Source information:

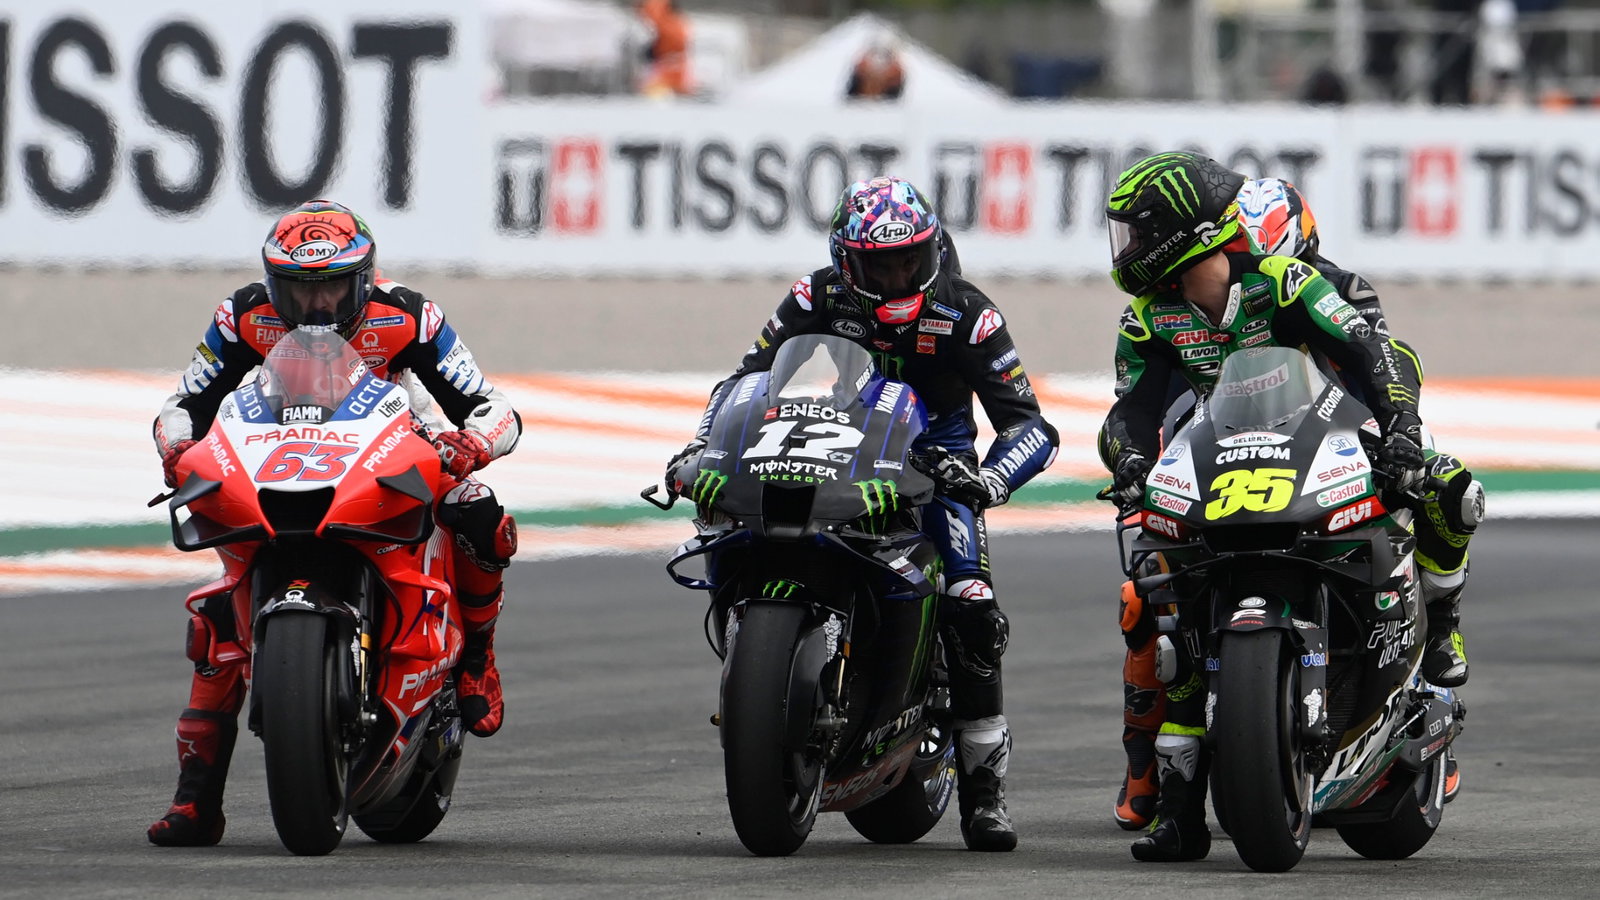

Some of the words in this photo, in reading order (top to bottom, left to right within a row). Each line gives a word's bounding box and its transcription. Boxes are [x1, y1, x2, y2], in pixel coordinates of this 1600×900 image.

[879, 223, 908, 238] Arai
[293, 247, 335, 258] SUOMY
[1141, 230, 1188, 266] MONSTER
[838, 320, 862, 334] Arai
[926, 321, 952, 329] YAMAHA
[1153, 314, 1192, 332] HRC
[1241, 319, 1267, 333] HJC
[1172, 330, 1210, 346] GIVI
[1245, 332, 1271, 348] Castrol
[1183, 346, 1219, 359] LAVOR
[348, 377, 388, 415] OCTO
[378, 396, 406, 418] Lifter
[874, 382, 905, 414] YAMAHA
[1315, 383, 1345, 422] rizoma
[283, 406, 322, 421] FIAMM
[779, 402, 851, 425] ENEOS
[245, 427, 360, 446] PRAMAC
[741, 420, 866, 462] 12
[206, 431, 237, 478] PRAMAC
[362, 424, 411, 473] PRAMAC
[993, 426, 1049, 479] YAMAHA
[1215, 446, 1291, 465] CUSTOM
[253, 441, 360, 483] 63
[749, 459, 839, 481] MONSTER
[1317, 461, 1367, 483] SENA
[759, 474, 826, 485] ENERGY
[1154, 472, 1192, 492] SENA
[1204, 467, 1298, 521] 35
[1328, 481, 1365, 503] Castrol
[1158, 493, 1190, 514] Castrol
[1146, 514, 1180, 539] GIVI
[1327, 501, 1372, 532] GIVI

Exercise requirements: Repeat the material above precisely as it appears, omitting the images it contains.

Answer section:
Some of the words in this photo, in reading order (top to bottom, left to right within a row). Each line gives a word's bounding box and its transcription. Boxes are [x1, y1, x2, y2], in pixel coordinates of this 1600×900 image.

[879, 223, 908, 238] Arai
[293, 247, 335, 258] SUOMY
[1141, 230, 1188, 266] MONSTER
[838, 320, 862, 334] Arai
[926, 321, 952, 329] YAMAHA
[1153, 314, 1192, 332] HRC
[1241, 319, 1267, 333] HJC
[1172, 330, 1210, 346] GIVI
[1245, 332, 1271, 348] Castrol
[1183, 346, 1219, 359] LAVOR
[348, 377, 388, 415] OCTO
[378, 396, 406, 418] Lifter
[874, 382, 905, 414] YAMAHA
[1315, 383, 1345, 422] rizoma
[283, 406, 322, 421] FIAMM
[779, 402, 851, 425] ENEOS
[245, 427, 360, 446] PRAMAC
[741, 420, 866, 462] 12
[206, 431, 237, 478] PRAMAC
[362, 424, 411, 473] PRAMAC
[993, 426, 1049, 479] YAMAHA
[1215, 446, 1291, 465] CUSTOM
[253, 441, 360, 483] 63
[749, 459, 839, 481] MONSTER
[1317, 461, 1367, 483] SENA
[759, 474, 826, 485] ENERGY
[1154, 472, 1192, 492] SENA
[1204, 467, 1298, 521] 35
[1328, 481, 1365, 503] Castrol
[1158, 493, 1190, 514] Castrol
[1146, 514, 1180, 539] GIVI
[1327, 501, 1372, 532] GIVI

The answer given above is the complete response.